Compound eyes glittered in the sun as the envoy drew his protective warming garments tighter around him. “One of these ill-starred padres was thranx. His companion was human. Don’t you see? Thranx and human give their lives to save humans and thranx.” He gestured first-degree significance. “The cause of unification has, inadvertently, acquired its first martyrs.”

She considered the possibilities. They were striking. “Did they intend to become martyrs, these two?”

“Most probably not, but it will not matter to the general media that serve both our kind. Among humans, they will be remembered as having given their lives to save babies and innocents. Among my people, they will be thought of as two brave soldiers who sacrificed their bodies to seal a critical opening into a vulnerable burrow.
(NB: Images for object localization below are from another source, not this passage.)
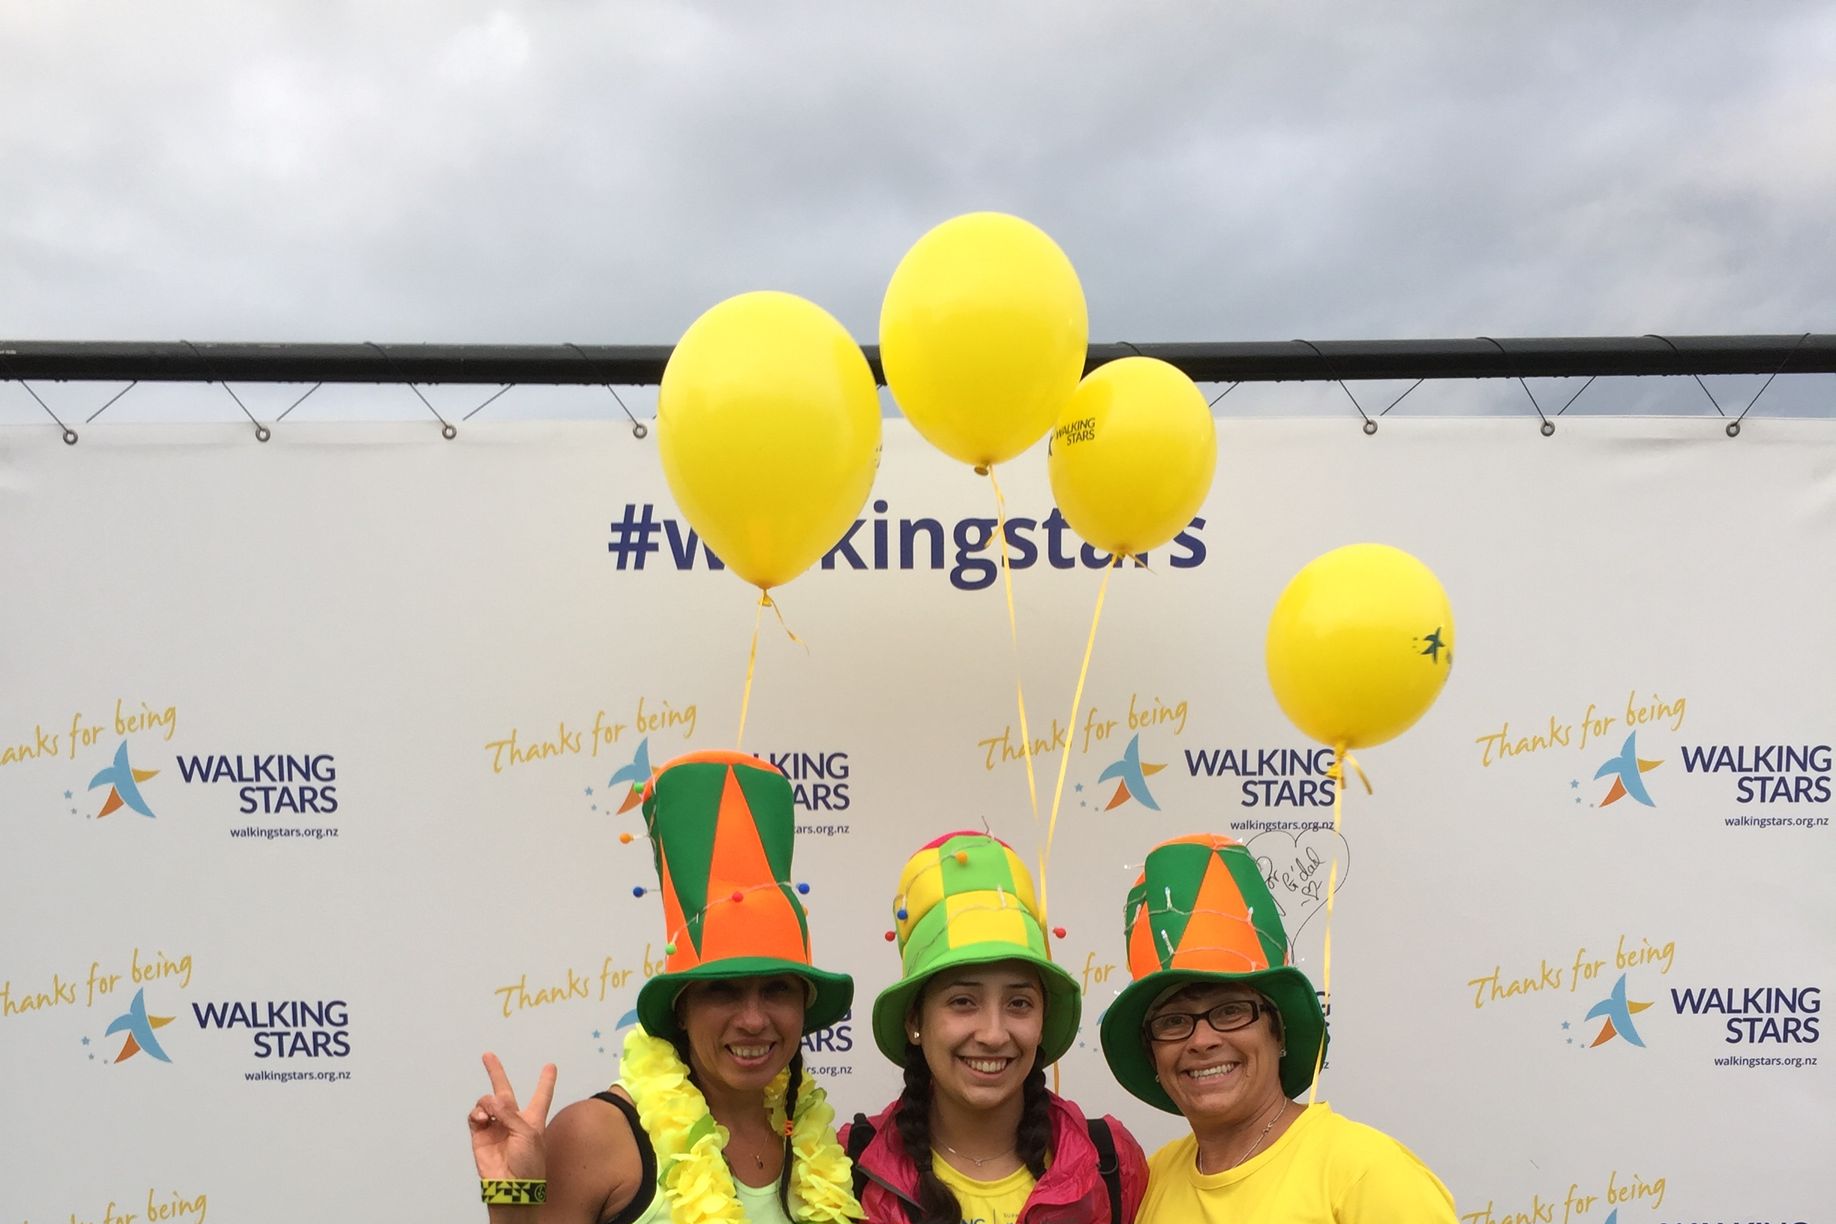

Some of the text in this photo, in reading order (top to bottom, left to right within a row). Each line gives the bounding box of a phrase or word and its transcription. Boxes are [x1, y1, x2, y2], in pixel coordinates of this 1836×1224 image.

[1056, 417, 1096, 439] WALKING
[1066, 429, 1096, 446] STARS
[607, 499, 1208, 591] #wkingsts
[0, 698, 177, 767] anks for being
[484, 696, 697, 774] Thanks for being
[1082, 707, 1118, 753] for
[1127, 692, 1188, 734] being
[1474, 689, 1687, 768] Thanks for being
[176, 754, 337, 783] WALKING
[753, 752, 850, 780] KING
[1184, 748, 1336, 777] WALKING
[1681, 745, 1833, 773] WALKING
[239, 786, 339, 814] STARS
[793, 783, 851, 811] ARS
[1240, 780, 1336, 807] STARS
[1736, 776, 1833, 804] STARS
[230, 826, 339, 840] walkingstars.org.nz
[794, 824, 850, 837] ars.org.nz
[1230, 819, 1335, 832] walkingstars.org.nz
[1724, 816, 1830, 829] walkingstars.org.nz
[0, 947, 192, 1017] hanks for being
[1082, 952, 1116, 996] for
[1467, 933, 1676, 1009] Thanks for being
[495, 969, 590, 1018] Thanks
[599, 956, 633, 1002] for
[1670, 987, 1821, 1014] WALKING
[191, 1000, 350, 1029] WALKING
[800, 1026, 854, 1052] ARS
[1725, 1017, 1820, 1044] STARS
[253, 1031, 351, 1059] STARS
[1714, 1055, 1818, 1068] walkingstars.org.nz
[245, 1070, 352, 1083] walkingstars.org.nz
[1606, 1170, 1667, 1209] being
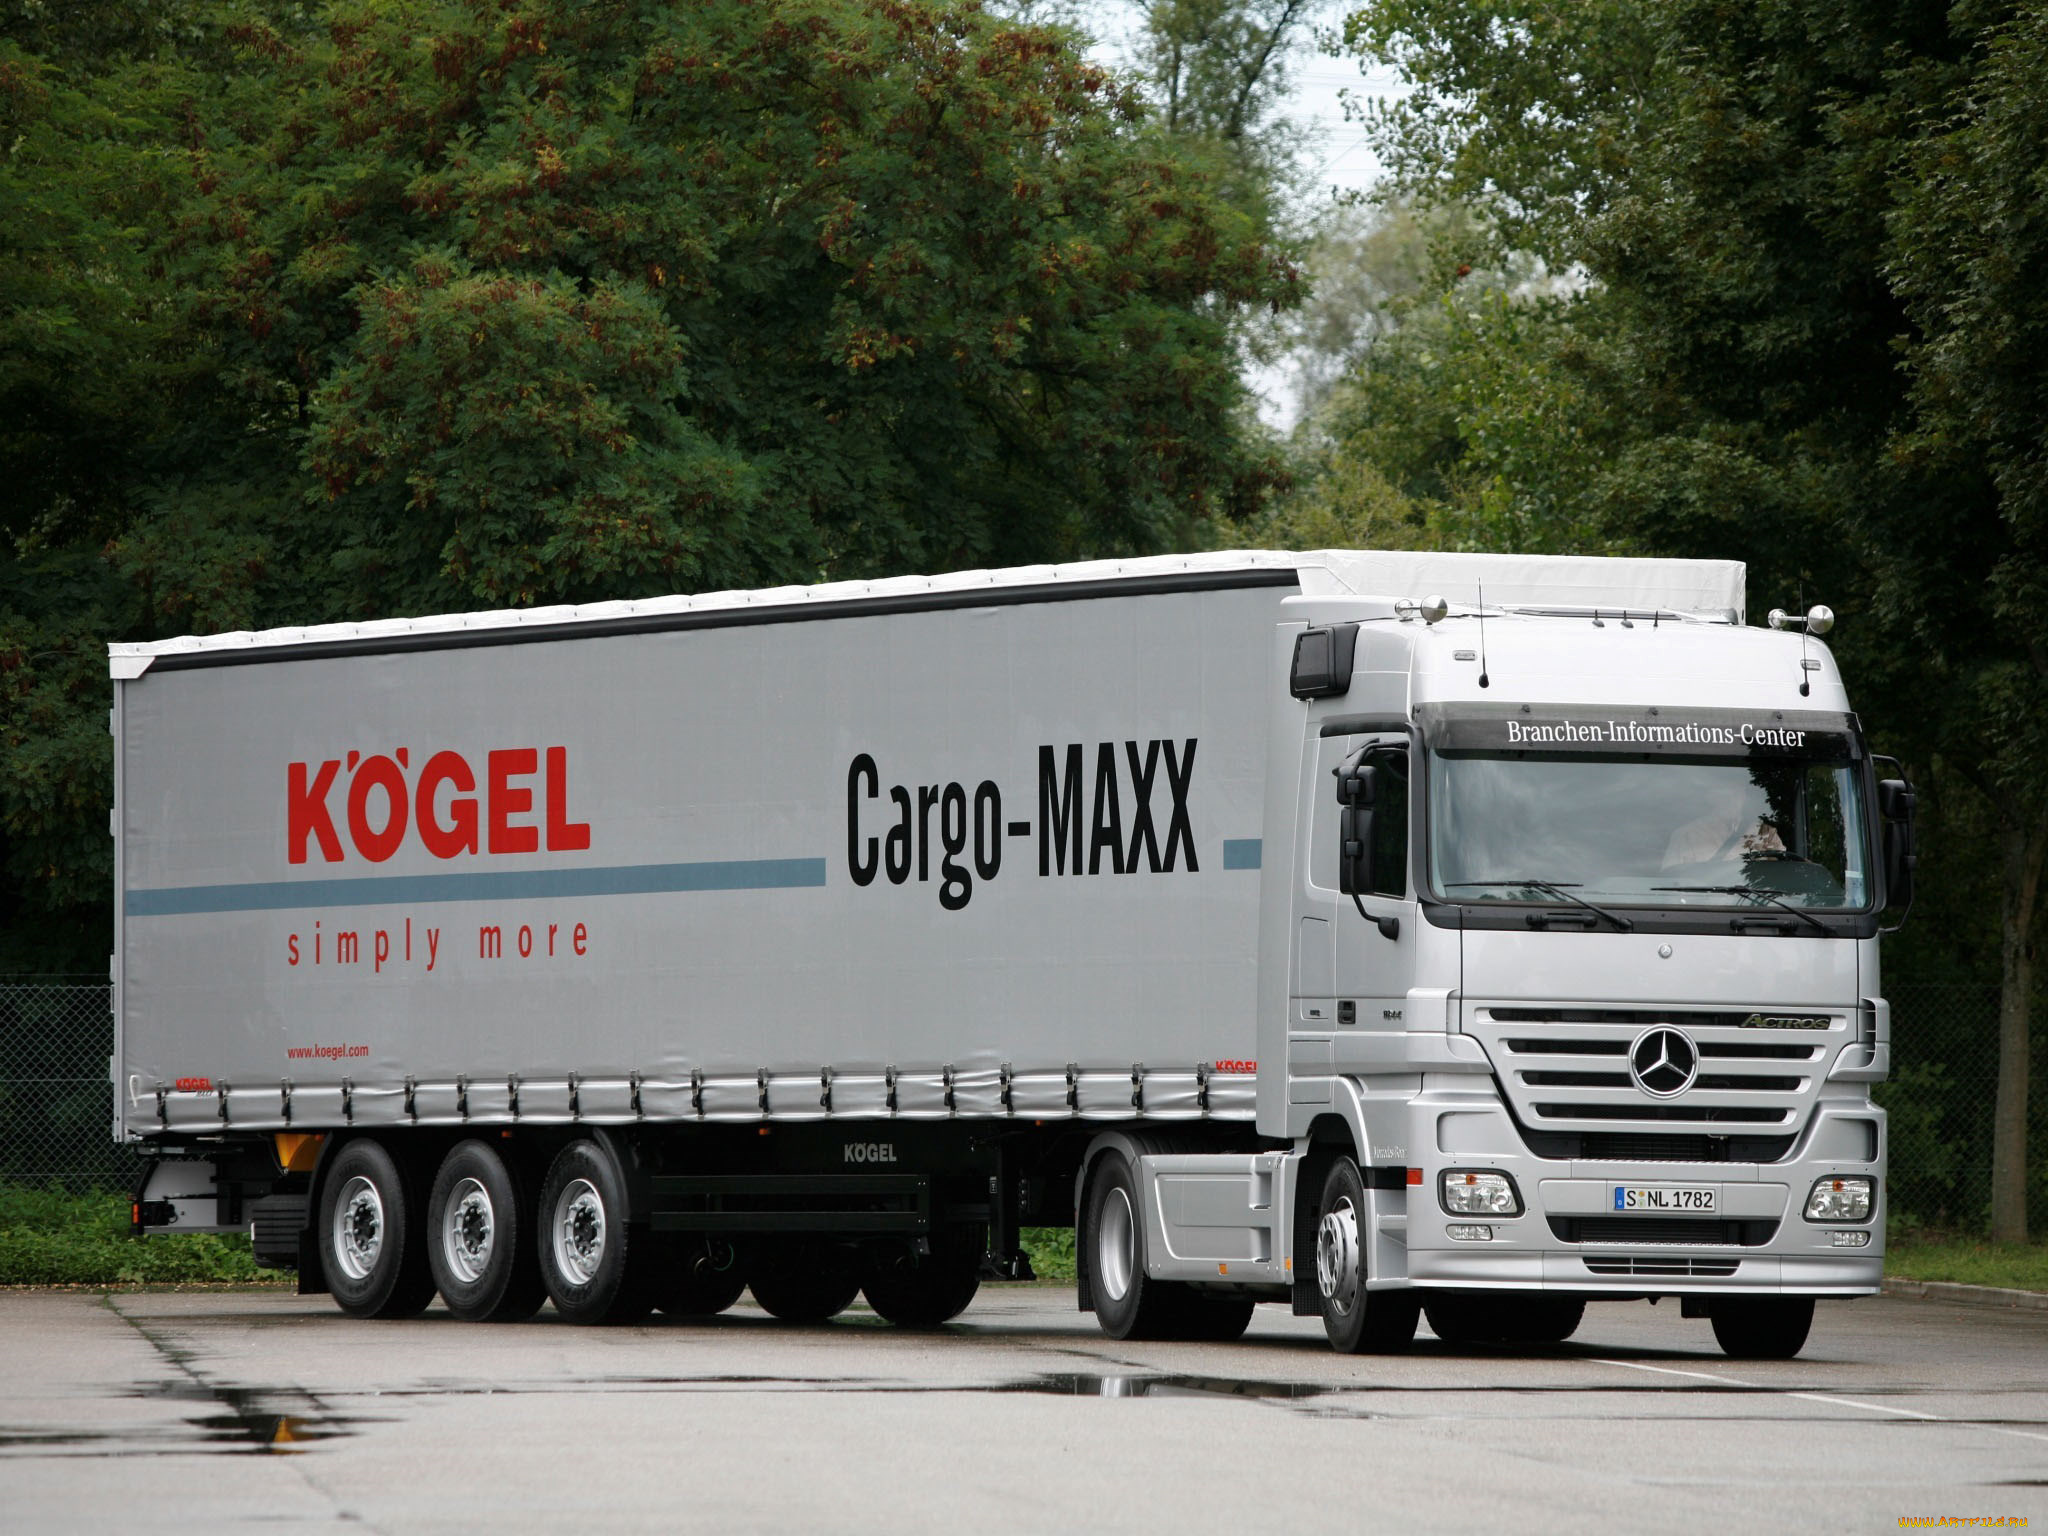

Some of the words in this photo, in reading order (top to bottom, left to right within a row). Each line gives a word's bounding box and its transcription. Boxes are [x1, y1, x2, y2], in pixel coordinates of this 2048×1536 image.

[1507, 720, 1806, 747] Branchen-Informations-Center
[287, 746, 591, 864] KÖGEL
[847, 738, 1200, 911] Cargo-MAXX
[287, 917, 440, 973] simply
[479, 921, 588, 959] more
[287, 1043, 369, 1061] www.koegel.com
[844, 1142, 897, 1162] KÖGEL
[1626, 1190, 1636, 1207] S
[1648, 1191, 1669, 1208] NL
[1673, 1191, 1713, 1208] 1782
It comes to the same thing. A report filed by two human patrollers who barely survived the final encounter corroborates the details of the matter.” He gestured diffidently.

“The fringe belief system to which this pair belonged calls itself the United Church. A grandiose appellation,
crrk!k,
for so modest an organization—though I am told it is gaining adherents at a surprisingly rapid rate. Despite the fact that the sacrifice of their two disciples on Dawn will bring them a considerable amount of beneficial publicity, the leaders of this religious order interestingly want nothing to do with the promoting of it. They are sorry for the death of two of their own, but their doctrine apparently does not believe in or sanction the concept of martyrdom. They say there is no future in it.